Data ::

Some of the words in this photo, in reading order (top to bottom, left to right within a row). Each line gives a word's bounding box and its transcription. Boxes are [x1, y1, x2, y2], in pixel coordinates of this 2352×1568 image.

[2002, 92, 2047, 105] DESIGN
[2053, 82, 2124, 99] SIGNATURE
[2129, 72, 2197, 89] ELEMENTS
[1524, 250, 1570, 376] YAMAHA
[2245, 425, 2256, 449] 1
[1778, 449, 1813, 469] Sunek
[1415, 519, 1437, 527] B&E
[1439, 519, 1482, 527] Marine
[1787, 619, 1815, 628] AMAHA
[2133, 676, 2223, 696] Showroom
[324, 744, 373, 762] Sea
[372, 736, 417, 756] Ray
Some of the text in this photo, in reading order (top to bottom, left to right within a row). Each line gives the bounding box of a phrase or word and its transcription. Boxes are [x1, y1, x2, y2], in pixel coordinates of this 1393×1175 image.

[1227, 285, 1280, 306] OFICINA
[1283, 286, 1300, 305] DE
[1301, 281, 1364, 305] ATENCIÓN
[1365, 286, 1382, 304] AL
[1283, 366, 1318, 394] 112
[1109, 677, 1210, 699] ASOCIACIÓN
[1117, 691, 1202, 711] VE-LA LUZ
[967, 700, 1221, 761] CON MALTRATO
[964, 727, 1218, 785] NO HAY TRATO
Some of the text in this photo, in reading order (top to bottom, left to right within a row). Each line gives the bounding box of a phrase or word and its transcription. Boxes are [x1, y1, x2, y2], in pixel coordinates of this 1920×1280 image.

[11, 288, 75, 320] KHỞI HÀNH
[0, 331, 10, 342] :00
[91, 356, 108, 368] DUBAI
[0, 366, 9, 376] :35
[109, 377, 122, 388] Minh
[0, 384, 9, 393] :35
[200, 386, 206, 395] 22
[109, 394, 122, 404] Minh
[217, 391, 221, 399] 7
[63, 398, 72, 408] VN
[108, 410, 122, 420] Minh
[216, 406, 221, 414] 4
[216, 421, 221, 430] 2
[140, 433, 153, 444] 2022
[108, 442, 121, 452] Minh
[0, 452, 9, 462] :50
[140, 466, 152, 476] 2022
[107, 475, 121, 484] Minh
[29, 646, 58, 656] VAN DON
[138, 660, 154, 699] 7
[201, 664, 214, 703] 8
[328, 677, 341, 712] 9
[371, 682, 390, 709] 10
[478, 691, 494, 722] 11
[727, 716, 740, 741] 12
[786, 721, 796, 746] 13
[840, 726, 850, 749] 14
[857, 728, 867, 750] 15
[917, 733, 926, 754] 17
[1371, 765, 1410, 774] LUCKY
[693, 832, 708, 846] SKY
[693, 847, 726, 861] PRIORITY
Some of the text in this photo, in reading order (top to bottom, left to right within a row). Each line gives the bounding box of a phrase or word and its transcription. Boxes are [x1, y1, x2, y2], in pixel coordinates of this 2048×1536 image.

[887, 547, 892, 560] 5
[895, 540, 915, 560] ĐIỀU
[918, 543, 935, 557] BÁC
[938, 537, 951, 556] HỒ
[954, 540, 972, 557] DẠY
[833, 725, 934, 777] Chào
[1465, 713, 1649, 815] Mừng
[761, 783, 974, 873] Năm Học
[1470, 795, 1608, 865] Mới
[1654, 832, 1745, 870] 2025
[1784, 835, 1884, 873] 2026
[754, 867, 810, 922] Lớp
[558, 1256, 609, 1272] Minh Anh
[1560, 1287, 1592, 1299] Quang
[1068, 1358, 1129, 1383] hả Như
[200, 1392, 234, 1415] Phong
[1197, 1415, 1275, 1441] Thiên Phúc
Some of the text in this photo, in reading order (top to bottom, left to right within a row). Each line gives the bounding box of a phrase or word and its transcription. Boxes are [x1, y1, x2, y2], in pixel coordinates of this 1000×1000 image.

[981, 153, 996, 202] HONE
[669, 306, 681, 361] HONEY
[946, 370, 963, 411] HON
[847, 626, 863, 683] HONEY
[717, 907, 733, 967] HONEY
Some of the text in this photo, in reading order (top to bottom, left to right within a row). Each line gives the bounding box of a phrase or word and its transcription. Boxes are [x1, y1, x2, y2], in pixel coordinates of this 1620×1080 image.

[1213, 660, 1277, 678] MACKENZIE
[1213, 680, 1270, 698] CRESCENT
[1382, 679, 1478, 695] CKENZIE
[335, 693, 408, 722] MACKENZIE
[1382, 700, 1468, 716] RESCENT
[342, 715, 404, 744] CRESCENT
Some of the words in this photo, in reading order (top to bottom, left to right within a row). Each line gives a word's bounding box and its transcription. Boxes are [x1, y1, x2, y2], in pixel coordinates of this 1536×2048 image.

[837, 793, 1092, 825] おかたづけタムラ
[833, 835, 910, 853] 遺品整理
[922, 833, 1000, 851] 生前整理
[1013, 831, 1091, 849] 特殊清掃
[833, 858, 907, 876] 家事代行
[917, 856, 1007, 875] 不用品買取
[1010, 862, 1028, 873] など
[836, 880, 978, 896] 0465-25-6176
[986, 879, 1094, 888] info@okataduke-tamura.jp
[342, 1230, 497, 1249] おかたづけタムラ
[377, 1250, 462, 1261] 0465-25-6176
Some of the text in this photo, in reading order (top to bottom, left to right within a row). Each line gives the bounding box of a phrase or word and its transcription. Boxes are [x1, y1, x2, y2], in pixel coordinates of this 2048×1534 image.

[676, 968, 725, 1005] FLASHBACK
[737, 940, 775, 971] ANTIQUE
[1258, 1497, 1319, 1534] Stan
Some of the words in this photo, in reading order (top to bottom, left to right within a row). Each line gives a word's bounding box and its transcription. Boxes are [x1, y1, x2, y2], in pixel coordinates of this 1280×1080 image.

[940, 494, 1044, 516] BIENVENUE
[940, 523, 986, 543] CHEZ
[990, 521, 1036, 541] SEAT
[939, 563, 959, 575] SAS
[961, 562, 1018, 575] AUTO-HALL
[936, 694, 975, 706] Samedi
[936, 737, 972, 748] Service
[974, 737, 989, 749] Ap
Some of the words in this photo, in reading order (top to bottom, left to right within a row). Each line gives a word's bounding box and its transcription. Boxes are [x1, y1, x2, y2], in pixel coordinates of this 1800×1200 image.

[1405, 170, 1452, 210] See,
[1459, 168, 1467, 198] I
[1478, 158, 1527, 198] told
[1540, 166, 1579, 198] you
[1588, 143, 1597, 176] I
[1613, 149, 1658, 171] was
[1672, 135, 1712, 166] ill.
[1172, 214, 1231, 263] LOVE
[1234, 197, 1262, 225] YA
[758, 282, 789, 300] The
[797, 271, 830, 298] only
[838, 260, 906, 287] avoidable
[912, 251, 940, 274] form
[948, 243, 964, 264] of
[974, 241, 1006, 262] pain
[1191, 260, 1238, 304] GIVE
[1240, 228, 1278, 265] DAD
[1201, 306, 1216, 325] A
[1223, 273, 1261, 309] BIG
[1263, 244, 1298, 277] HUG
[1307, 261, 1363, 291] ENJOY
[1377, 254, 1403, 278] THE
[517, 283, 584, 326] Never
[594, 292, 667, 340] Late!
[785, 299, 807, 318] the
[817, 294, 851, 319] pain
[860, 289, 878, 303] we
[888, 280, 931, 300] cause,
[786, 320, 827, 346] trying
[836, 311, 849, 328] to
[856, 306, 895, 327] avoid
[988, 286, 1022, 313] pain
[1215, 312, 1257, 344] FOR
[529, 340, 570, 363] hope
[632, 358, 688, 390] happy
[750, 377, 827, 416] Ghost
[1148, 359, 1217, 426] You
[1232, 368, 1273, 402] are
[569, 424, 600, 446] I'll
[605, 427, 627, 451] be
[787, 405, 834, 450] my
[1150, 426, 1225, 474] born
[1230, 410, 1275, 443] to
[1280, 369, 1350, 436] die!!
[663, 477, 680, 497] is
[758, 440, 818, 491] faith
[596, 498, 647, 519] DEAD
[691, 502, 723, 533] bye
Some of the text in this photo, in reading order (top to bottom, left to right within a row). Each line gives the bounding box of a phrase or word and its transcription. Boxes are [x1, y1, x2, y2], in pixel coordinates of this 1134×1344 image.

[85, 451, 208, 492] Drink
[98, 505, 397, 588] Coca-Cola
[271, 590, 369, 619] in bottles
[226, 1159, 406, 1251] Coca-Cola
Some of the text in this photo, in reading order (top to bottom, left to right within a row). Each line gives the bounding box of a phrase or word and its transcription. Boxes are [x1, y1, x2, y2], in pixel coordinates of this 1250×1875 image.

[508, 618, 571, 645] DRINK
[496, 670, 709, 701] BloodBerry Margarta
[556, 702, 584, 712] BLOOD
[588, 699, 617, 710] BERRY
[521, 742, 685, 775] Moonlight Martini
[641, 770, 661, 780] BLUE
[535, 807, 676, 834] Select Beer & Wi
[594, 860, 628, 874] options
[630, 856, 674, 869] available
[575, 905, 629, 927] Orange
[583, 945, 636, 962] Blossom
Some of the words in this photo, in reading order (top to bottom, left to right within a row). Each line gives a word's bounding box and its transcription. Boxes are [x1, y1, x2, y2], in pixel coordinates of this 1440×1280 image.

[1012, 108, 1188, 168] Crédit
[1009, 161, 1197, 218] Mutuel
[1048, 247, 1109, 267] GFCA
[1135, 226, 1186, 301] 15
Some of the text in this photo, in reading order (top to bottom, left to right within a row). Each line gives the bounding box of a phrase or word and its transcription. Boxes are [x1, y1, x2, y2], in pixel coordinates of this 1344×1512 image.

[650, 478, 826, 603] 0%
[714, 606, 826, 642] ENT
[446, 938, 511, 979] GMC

Problem to work on :: Take the line that holds "this 1134×1344 image." as the first and the last line of the material as the final one. Print that span exactly, both ends included.

Answer section ::
Some of the text in this photo, in reading order (top to bottom, left to right within a row). Each line gives the bounding box of a phrase or word and its transcription. Boxes are [x1, y1, x2, y2], in pixel coordinates of this 1134×1344 image.

[85, 451, 208, 492] Drink
[98, 505, 397, 588] Coca-Cola
[271, 590, 369, 619] in bottles
[226, 1159, 406, 1251] Coca-Cola
Some of the text in this photo, in reading order (top to bottom, left to right within a row). Each line gives the bounding box of a phrase or word and its transcription. Boxes are [x1, y1, x2, y2], in pixel coordinates of this 1250×1875 image.

[508, 618, 571, 645] DRINK
[496, 670, 709, 701] BloodBerry Margarta
[556, 702, 584, 712] BLOOD
[588, 699, 617, 710] BERRY
[521, 742, 685, 775] Moonlight Martini
[641, 770, 661, 780] BLUE
[535, 807, 676, 834] Select Beer & Wi
[594, 860, 628, 874] options
[630, 856, 674, 869] available
[575, 905, 629, 927] Orange
[583, 945, 636, 962] Blossom
Some of the words in this photo, in reading order (top to bottom, left to right within a row). Each line gives a word's bounding box and its transcription. Boxes are [x1, y1, x2, y2], in pixel coordinates of this 1440×1280 image.

[1012, 108, 1188, 168] Crédit
[1009, 161, 1197, 218] Mutuel
[1048, 247, 1109, 267] GFCA
[1135, 226, 1186, 301] 15
Some of the text in this photo, in reading order (top to bottom, left to right within a row). Each line gives the bounding box of a phrase or word and its transcription. Boxes are [x1, y1, x2, y2], in pixel coordinates of this 1344×1512 image.

[650, 478, 826, 603] 0%
[714, 606, 826, 642] ENT
[446, 938, 511, 979] GMC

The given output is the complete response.